What should I read that my daughters should read? YA recommends are fine but please leave your J.K. Rowling and Stephanie Meyer at the door. I'm still an illiterate bougie snob.

Books in 2009

I tried to keep this list on Facebook, but it didn't work. I forgot to update it. There was at least one book in between Tim O'Brien and Kingsley Amis, but maybe not, I can't remember. I'm coming back to the blog to keep track of these things.

This is about par for the course in terms of quality and quantity of books. I'd like to increase both, but I'm pleased for the most part. I try to read what I like and also what is well regarded and I try to avoid trash.



The Winner!





Mating was the winner of the race - by far - I'd recommend it to anyone who enjoys reading. Just an amazing work.

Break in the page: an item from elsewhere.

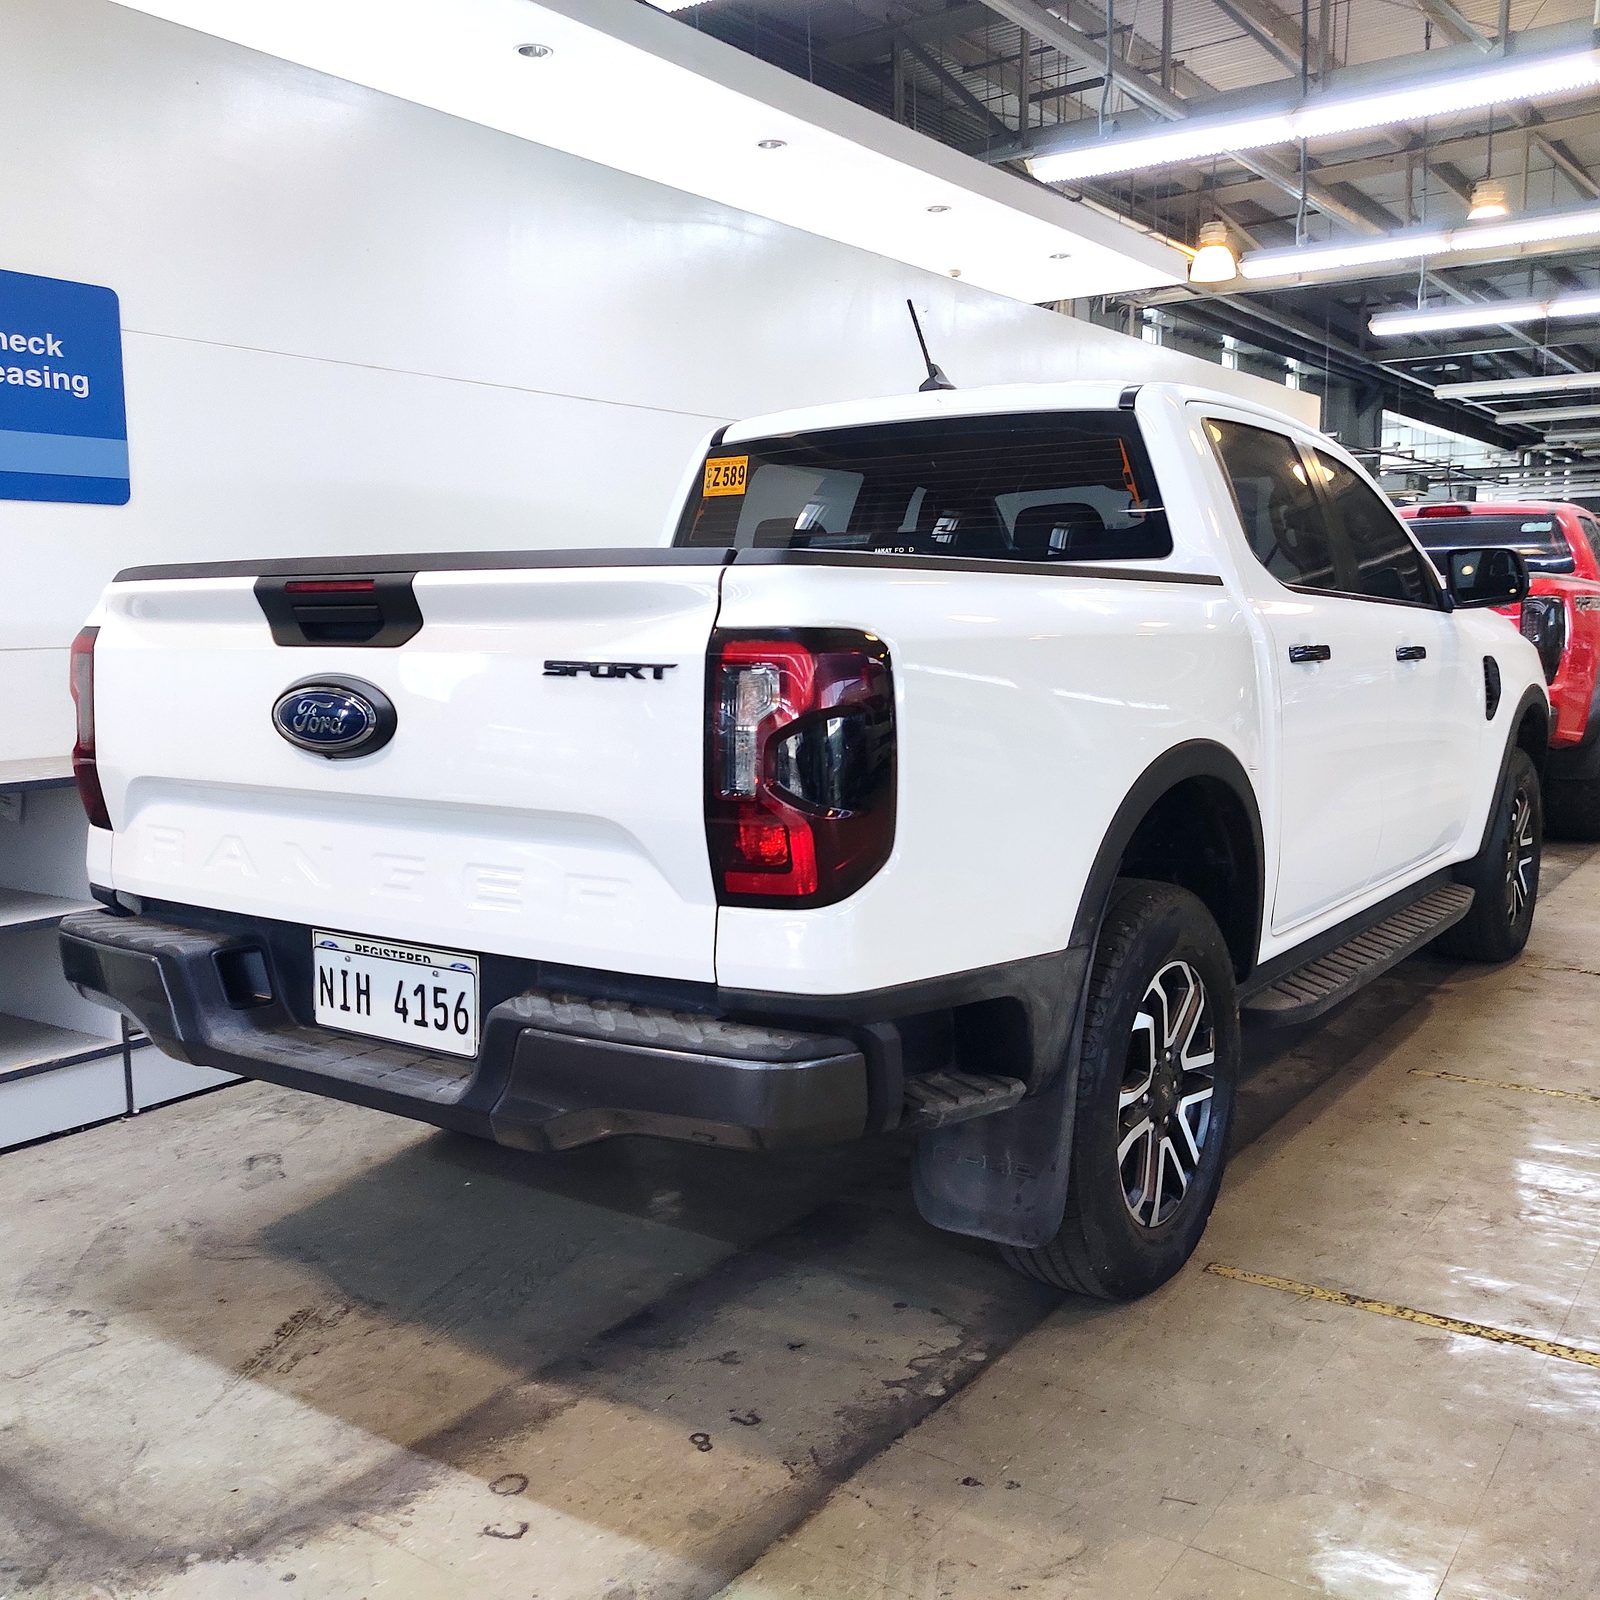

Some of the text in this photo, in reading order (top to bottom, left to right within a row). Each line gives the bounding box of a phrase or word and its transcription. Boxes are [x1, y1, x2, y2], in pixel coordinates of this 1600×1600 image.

In Defense of Food is required in order to unclench and get shit correct about food and eating. Fiction runners-up in a pack were Amis, Price, and Chabon. I like all these authors. But Chabon lets genre have it's way with him. Amis, I've come to believe, is... overrated is the wrong word, but my how people like him! Lucky Jim is a very good book though. Price surprised me and could have taken the top spot except that Mating was just too strong a runner. I look forward to reading one of Price's more well regarded books, like Clockers.



I have to point out Michael Perry. This book - Population 485 - is funny and bittersweet and is a good take on "real Wisconsin." Like "real" anything, "real Wisconsin" doesn't exist, but Perry comes close to describing it. He's a literary celebrity in Wisconsin and he'll probably come up with a national break out book soon.

Books I Read 2009

* Lucky Jim by Kingsley Amis
* ????
* If I Die in a Combat Zone... by Tim O'Brien
* The Battle for America 2008 by Haynes Johnson and Dan Balz
* In Defense of Food by Michael Pollan
* Home Game by Michael Lewis
* Population 485 by Michael Perry
* Matter by Iain Banks
* Tokyo Financee by Amelie Nothomb
* Wishful Drinking by Carrie Fisher
* The Inimitable Jeeves by P.G. Wodehouse
* Brainiac by Ken Jennings
* Fun Home Allison Bechdel
* Lush Life by Richard Price
* Election by Tom Perrota
* Yiddish Policemen's Union by Michael Chabon
* McSweeney's Joke Book of Book Jokes Editors of McSweeney's
* Mating by Norman Rush (!)

In my next post I'll reveal a startling goal for my reading 2010!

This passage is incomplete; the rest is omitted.